Stored data entries:
────────────────────────────────────────
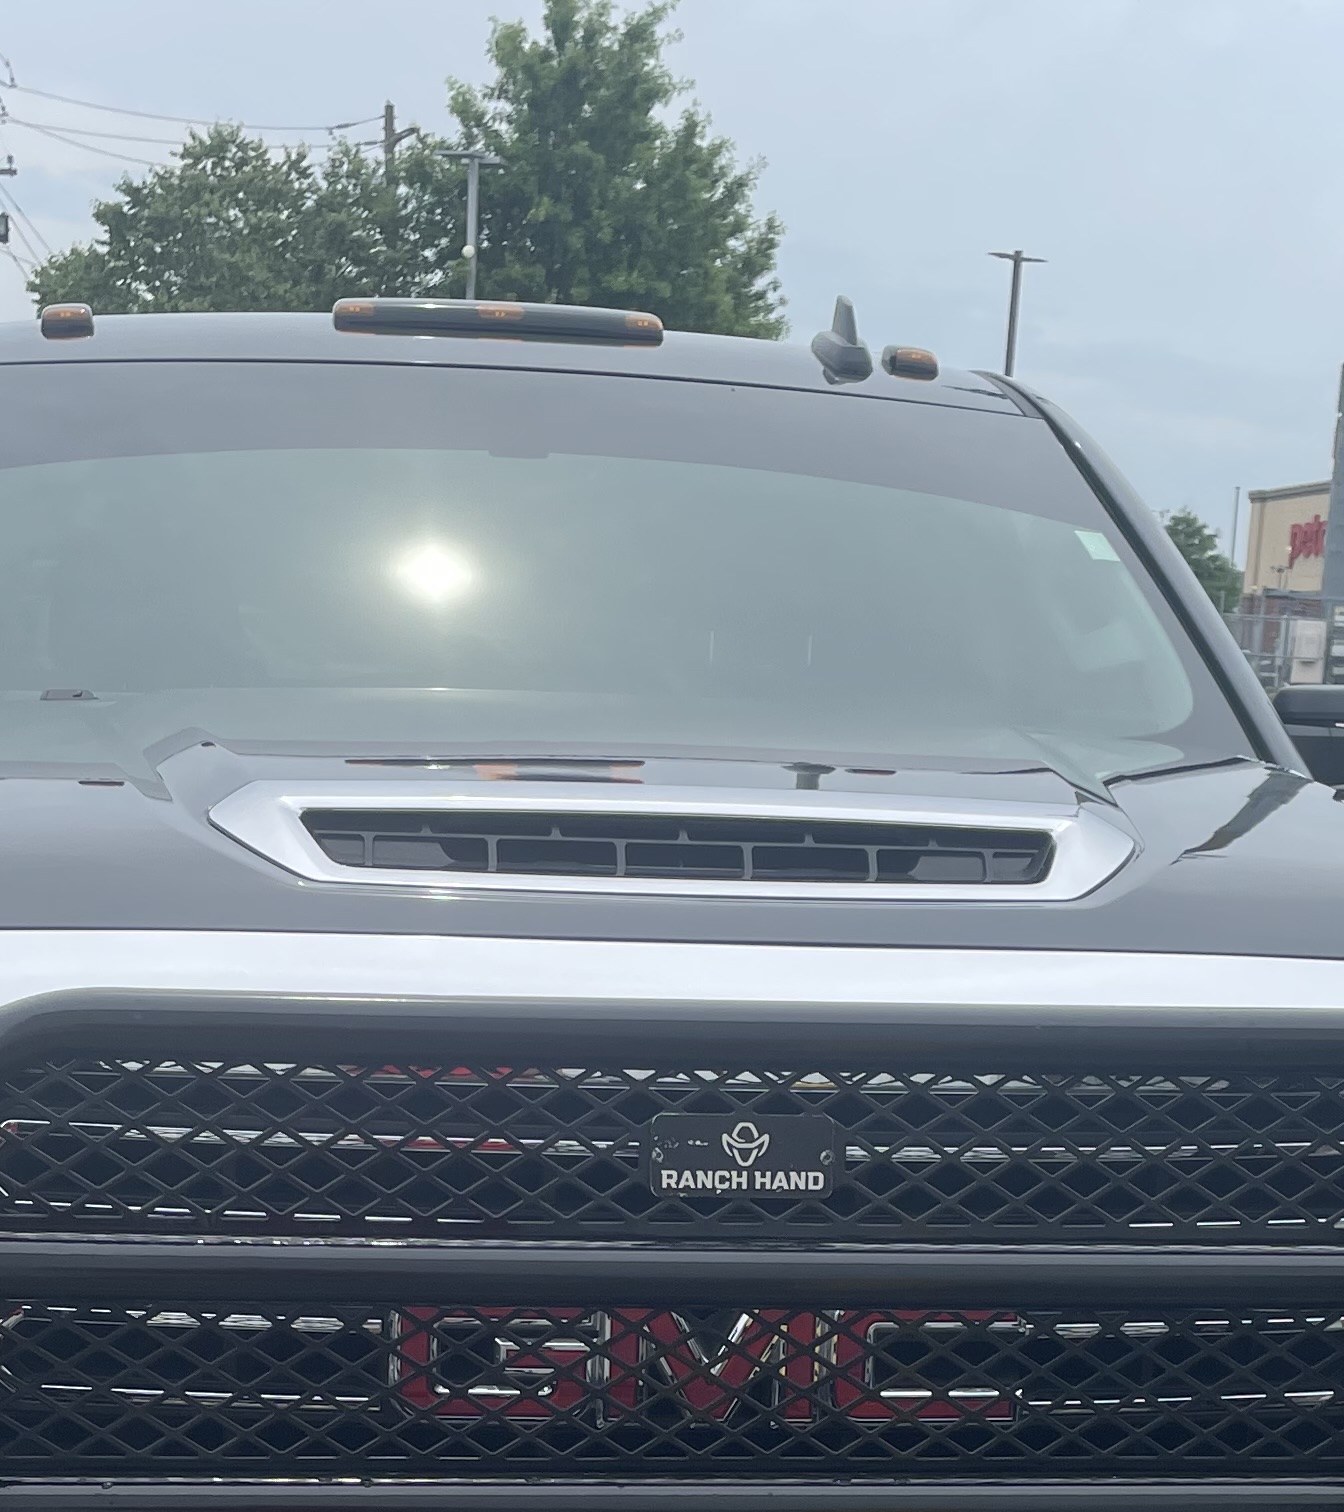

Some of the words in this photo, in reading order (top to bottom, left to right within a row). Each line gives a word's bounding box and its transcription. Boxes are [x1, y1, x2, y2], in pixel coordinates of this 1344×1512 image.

[660, 1169, 749, 1190] RANCH
[754, 1170, 825, 1191] HAND
[387, 1304, 1028, 1430] GMC
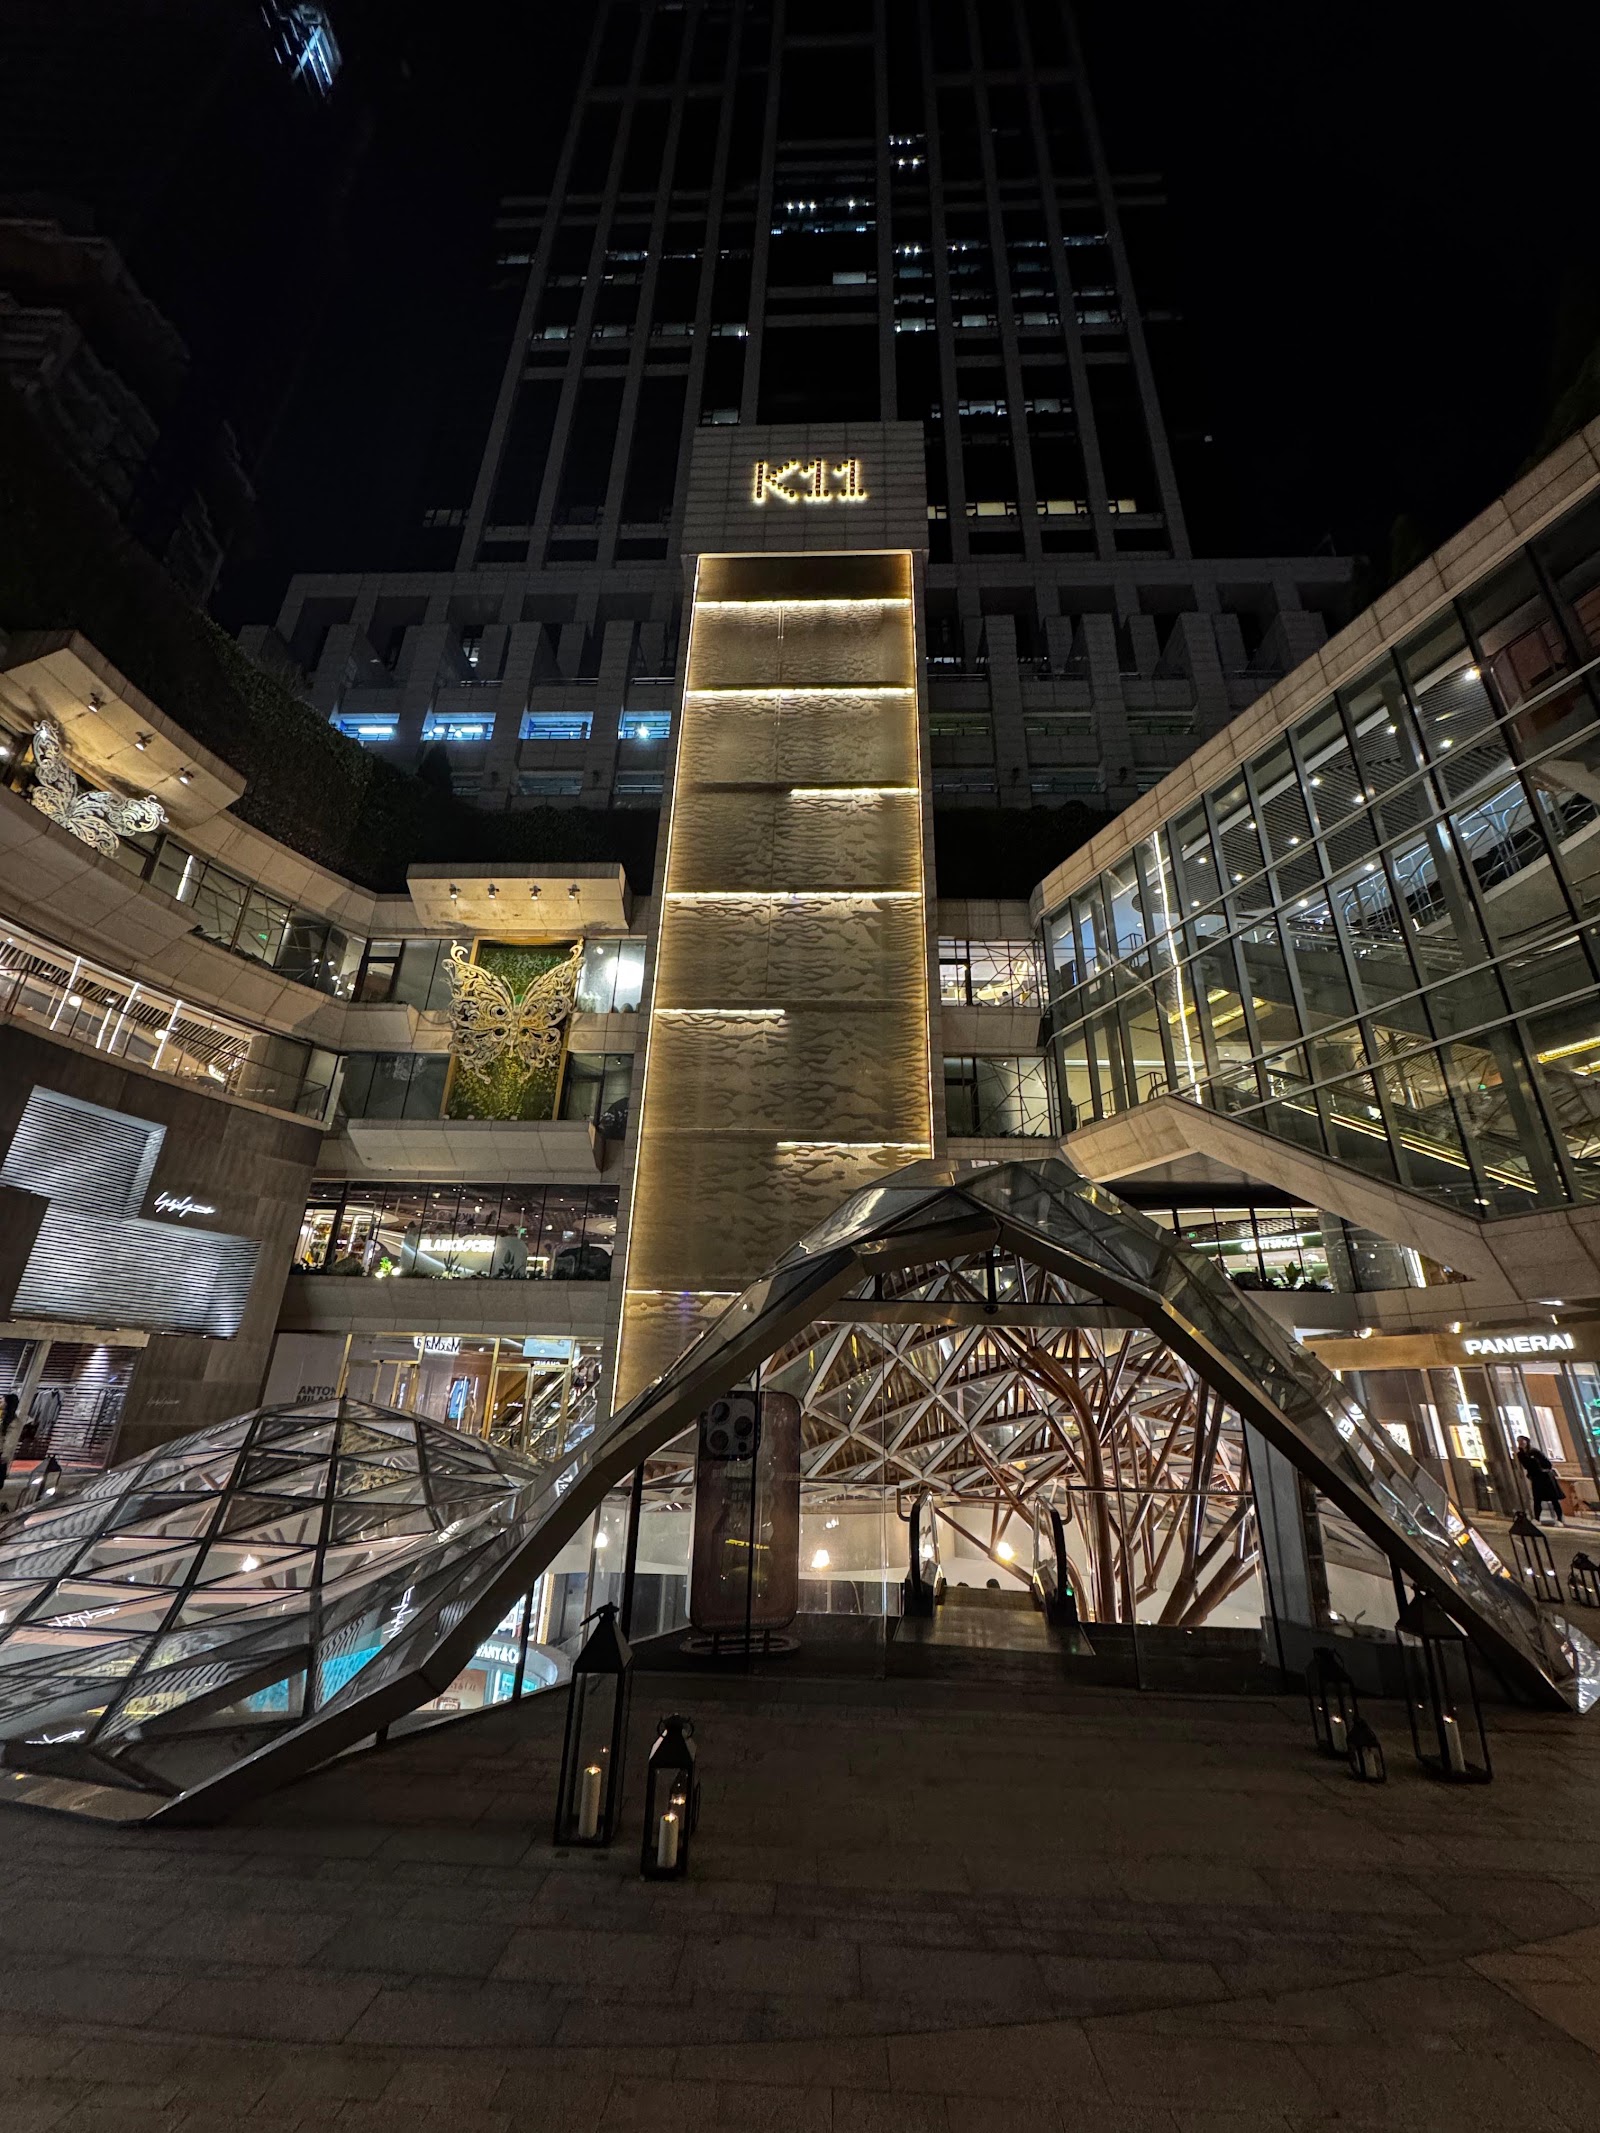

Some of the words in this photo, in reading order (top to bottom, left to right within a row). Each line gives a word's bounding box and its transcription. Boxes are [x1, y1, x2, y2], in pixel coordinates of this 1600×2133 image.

[754, 457, 868, 502] K11
[1464, 1333, 1575, 1356] PANERAI
[298, 1386, 348, 1396] ANTON
────────────────────────────────────────
What to produce
Retype every entry above exactly and, please, skip the pictures.

Written response
Some of the words in this photo, in reading order (top to bottom, left to right within a row). Each line gives a word's bounding box and its transcription. Boxes are [x1, y1, x2, y2], in pixel coordinates of this 1344×1512 image.

[660, 1169, 749, 1190] RANCH
[754, 1170, 825, 1191] HAND
[387, 1304, 1028, 1430] GMC

Some of the words in this photo, in reading order (top to bottom, left to right within a row). Each line gives a word's bounding box and its transcription. Boxes are [x1, y1, x2, y2], in pixel coordinates of this 1600×2133 image.

[754, 457, 868, 502] K11
[1464, 1333, 1575, 1356] PANERAI
[298, 1386, 348, 1396] ANTON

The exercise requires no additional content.